Mobile Sensor-Network Authentication
Authentication is a critical security requirement for sensor network nodes and can provide a high quality of assurance in a hostile deployment scenario. High-risk data-gathering environments involving sources like a base station or a command and control center require a high level of confidence that sensor data originate from authorized sensors. In the first generation of sensor network nodes [Mica], resource limitations such as processing power, battery lifetime, and memory make solving this problem a challenge. Current solutions like uTesla and SNEP [Spins] rely on time-synchronization and periodic broadcast based on delayed-release of shared secrets from a one-way hash chain for data-origin authentication.

In our MSA project, we revisit some of the original design assumptions underlying current solutions and investigate the feasibility of using limited public-key encryption to validate identity and exchange symmetric session keys as an alternative to SNEP scheme for addressing the sensor authentication problem. We test our assumptions on the third-generation Mica motes that have significantly higher processing power and on-chip memory. Other researchers have suggested that sensor nodes present public key certificates to base stations for sensor-identity authentication. The base performs a signature validation to authenticate the sensor node. However, the sensor node itself does not perform any public key operation and validates the identity of the base station using a shared secret.

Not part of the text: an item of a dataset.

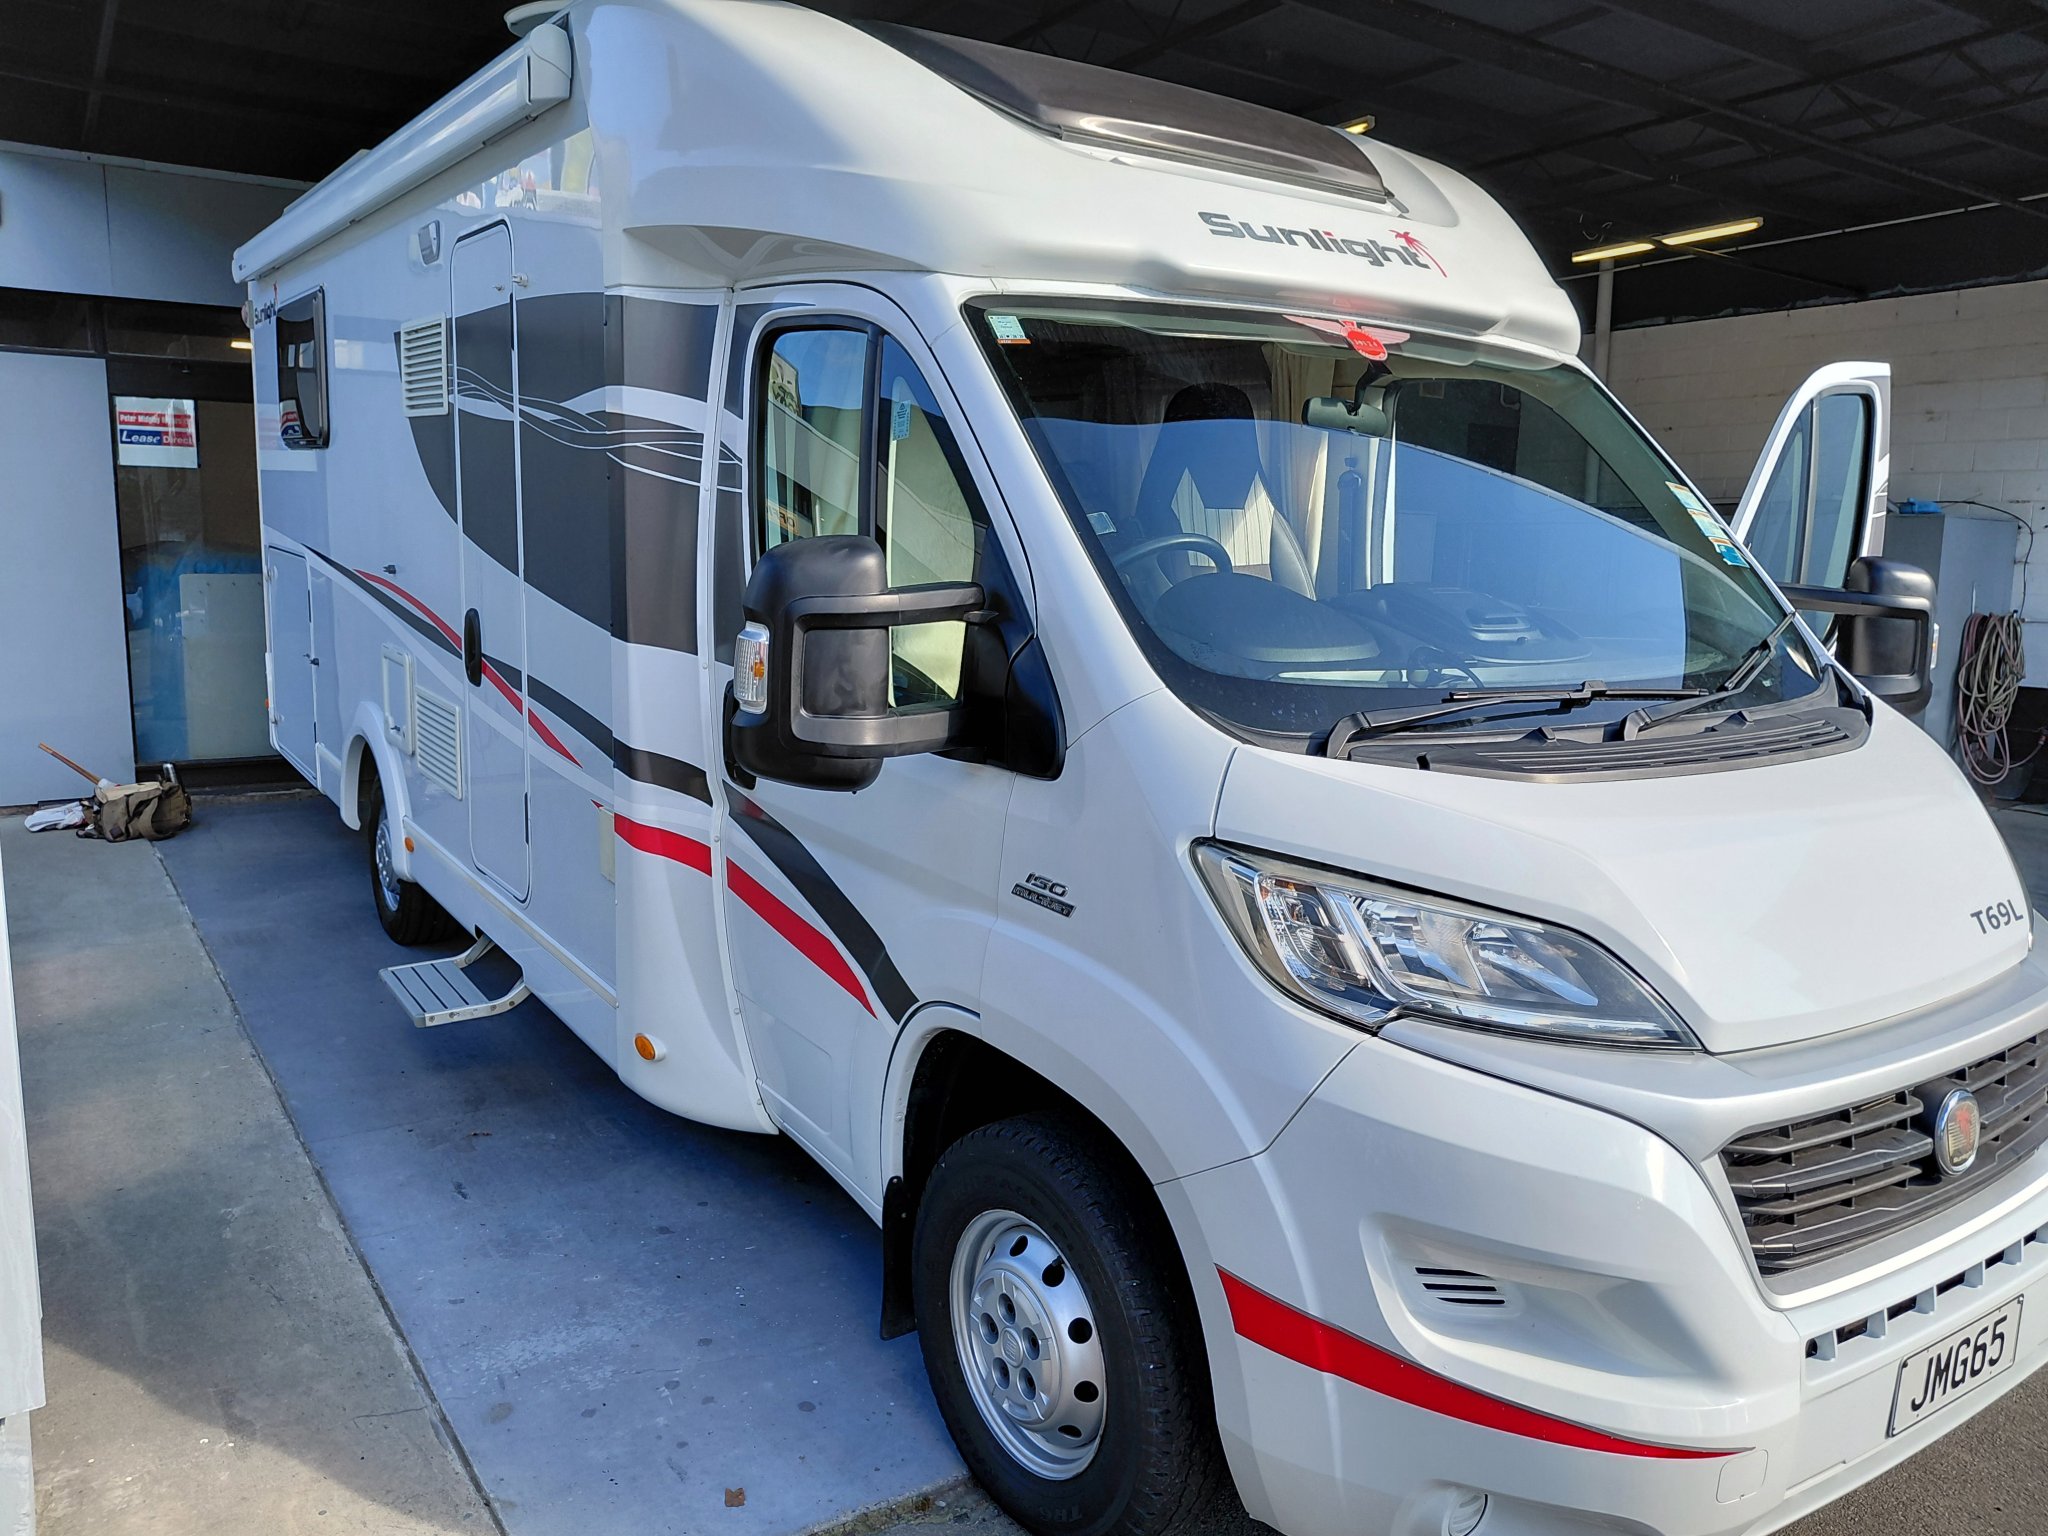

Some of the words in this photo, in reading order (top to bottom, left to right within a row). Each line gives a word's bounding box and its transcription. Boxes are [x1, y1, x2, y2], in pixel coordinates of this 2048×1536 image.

[1198, 211, 1432, 270] Sunlight
[121, 430, 161, 444] Lease
[1969, 899, 2024, 935] T69L
[1911, 1314, 2008, 1412] JMG65

In Year 1, we showed the feasibility of using public key operations for mutual authentication with non-repudiation on our test-bed. We contend that a PKI (Public Key Infrastructure) can overcome both the synchrony and periodicity assumptions required by SNEP, as well as provide non-repudiation which cannot be obtained when shared secrets are used. We implemented the Digital Signature Standard (DSS) on the motes so that they could perform signatures generation and verification using the Digital Signature Algorithm (DSA). Preliminary timing tests show that we can sign a 512-bit block in about 20 seconds and verify a signature in about 45 seconds. This suggests that PKI operations can be used sparingly on the sensor nodes themselves during set up for strong authentication.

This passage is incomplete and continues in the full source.